## WORK INSTRUCTIONS
Every entry should be duplicated verbatim, and no picture may appear in the copy.

## INFORMATION PROVIDED
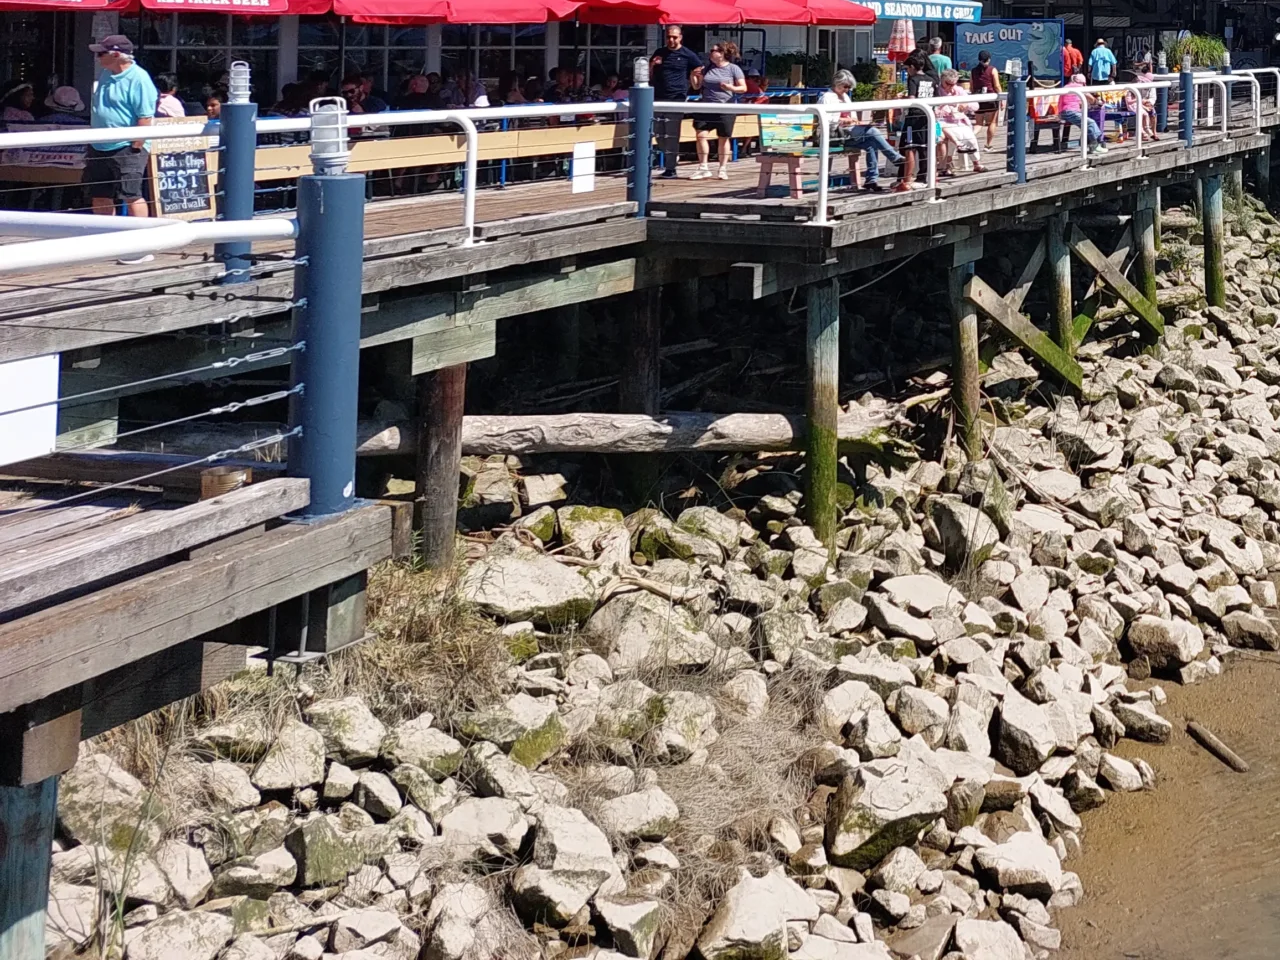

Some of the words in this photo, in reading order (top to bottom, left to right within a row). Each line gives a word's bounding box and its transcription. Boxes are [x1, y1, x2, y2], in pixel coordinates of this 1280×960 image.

[884, 1, 924, 18] SEAFOOD
[925, 4, 943, 19] BAR
[964, 31, 995, 44] TAKE
[998, 28, 1024, 42] OUT
[184, 155, 205, 168] Chips
[157, 168, 200, 190] BEST
[164, 198, 207, 212] boardwalk
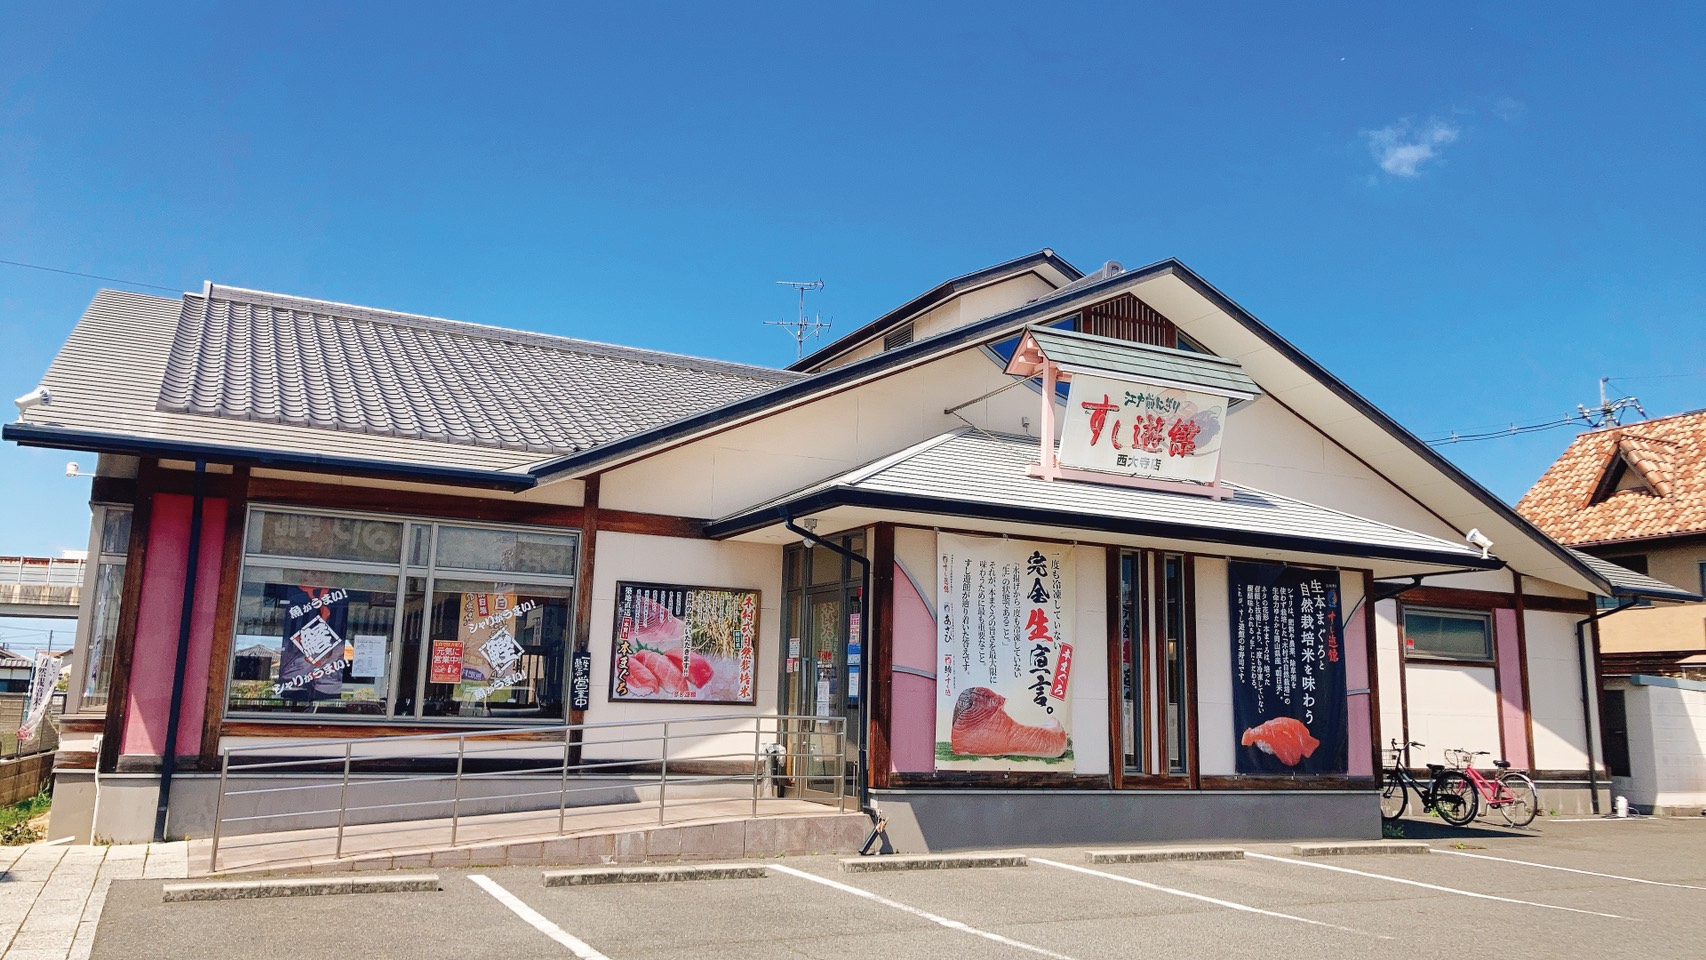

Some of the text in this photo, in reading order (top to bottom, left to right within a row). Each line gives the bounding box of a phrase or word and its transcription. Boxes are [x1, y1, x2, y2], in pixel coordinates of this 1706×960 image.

[1081, 394, 1200, 458] すし遊館
[1124, 391, 1180, 413] 江戸前にぎり
[1117, 454, 1161, 471] 西大寺店
[1051, 552, 1062, 650] 一度も冷凍していない
[1310, 579, 1327, 670] 生本まぐろと
[437, 646, 460, 656] 元気に
[616, 641, 633, 697] 本まぐろ
[739, 595, 755, 699] 木村式自然栽培米
[1053, 648, 1072, 696] 本まぐろ
[1300, 582, 1316, 725] 自然栽培米を味わう
[573, 675, 590, 708] 営業中
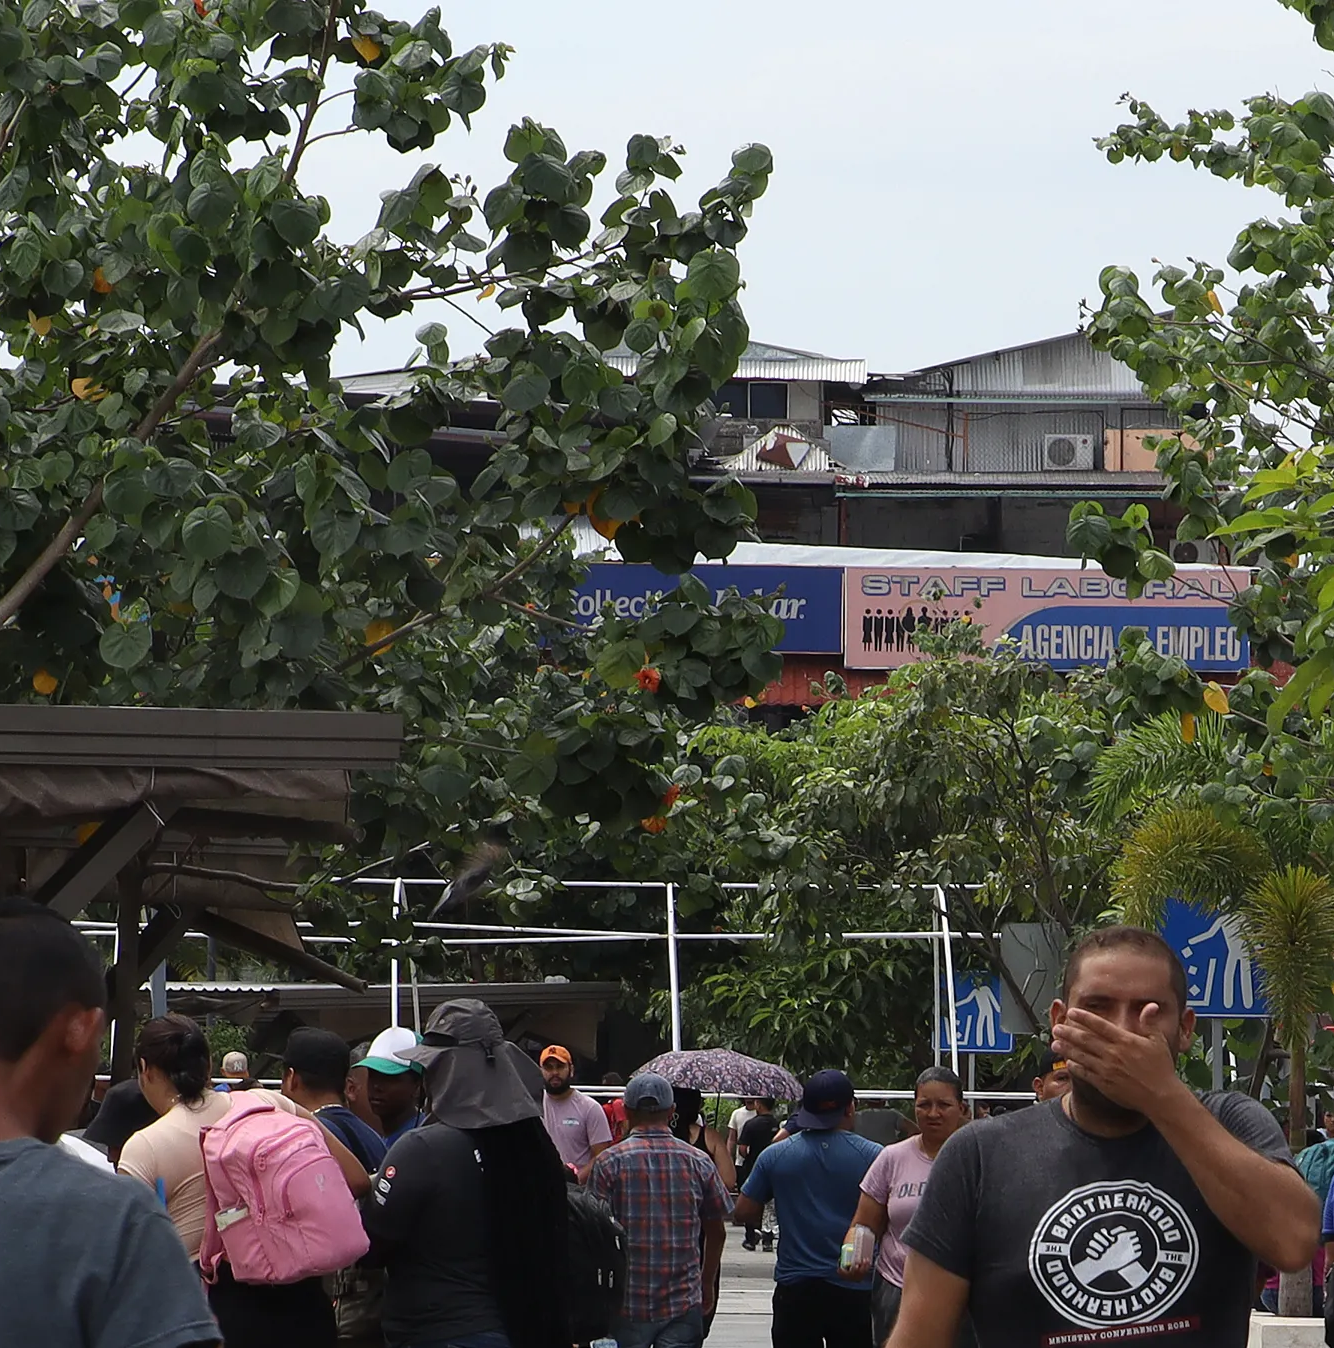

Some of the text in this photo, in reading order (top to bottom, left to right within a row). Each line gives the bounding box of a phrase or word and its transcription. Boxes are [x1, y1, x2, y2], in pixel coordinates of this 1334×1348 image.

[862, 575, 1237, 599] STAFF LABORAL
[1020, 624, 1116, 660] AGENCIA
[1156, 626, 1241, 661] EMPLEO
[1051, 1193, 1182, 1243] BROTHERHOOD
[1045, 1244, 1063, 1254] THE
[1165, 1252, 1183, 1263] THE
[1045, 1259, 1177, 1317] BROTHERHOOD
[1100, 1324, 1165, 1339] CONFERENCE

## SOLUTION FOR THIS PROBLEM
Some of the words in this photo, in reading order (top to bottom, left to right within a row). Each line gives a word's bounding box and its transcription. Boxes are [x1, y1, x2, y2], in pixel coordinates of this 1280×960 image.

[884, 1, 924, 18] SEAFOOD
[925, 4, 943, 19] BAR
[964, 31, 995, 44] TAKE
[998, 28, 1024, 42] OUT
[184, 155, 205, 168] Chips
[157, 168, 200, 190] BEST
[164, 198, 207, 212] boardwalk

Some of the text in this photo, in reading order (top to bottom, left to right within a row). Each line gives the bounding box of a phrase or word and its transcription. Boxes are [x1, y1, x2, y2], in pixel coordinates of this 1706×960 image.

[1081, 394, 1200, 458] すし遊館
[1124, 391, 1180, 413] 江戸前にぎり
[1117, 454, 1161, 471] 西大寺店
[1051, 552, 1062, 650] 一度も冷凍していない
[1310, 579, 1327, 670] 生本まぐろと
[437, 646, 460, 656] 元気に
[616, 641, 633, 697] 本まぐろ
[739, 595, 755, 699] 木村式自然栽培米
[1053, 648, 1072, 696] 本まぐろ
[1300, 582, 1316, 725] 自然栽培米を味わう
[573, 675, 590, 708] 営業中

Some of the text in this photo, in reading order (top to bottom, left to right within a row). Each line gives the bounding box of a phrase or word and its transcription. Boxes are [x1, y1, x2, y2], in pixel coordinates of this 1334×1348 image.

[862, 575, 1237, 599] STAFF LABORAL
[1020, 624, 1116, 660] AGENCIA
[1156, 626, 1241, 661] EMPLEO
[1051, 1193, 1182, 1243] BROTHERHOOD
[1045, 1244, 1063, 1254] THE
[1165, 1252, 1183, 1263] THE
[1045, 1259, 1177, 1317] BROTHERHOOD
[1100, 1324, 1165, 1339] CONFERENCE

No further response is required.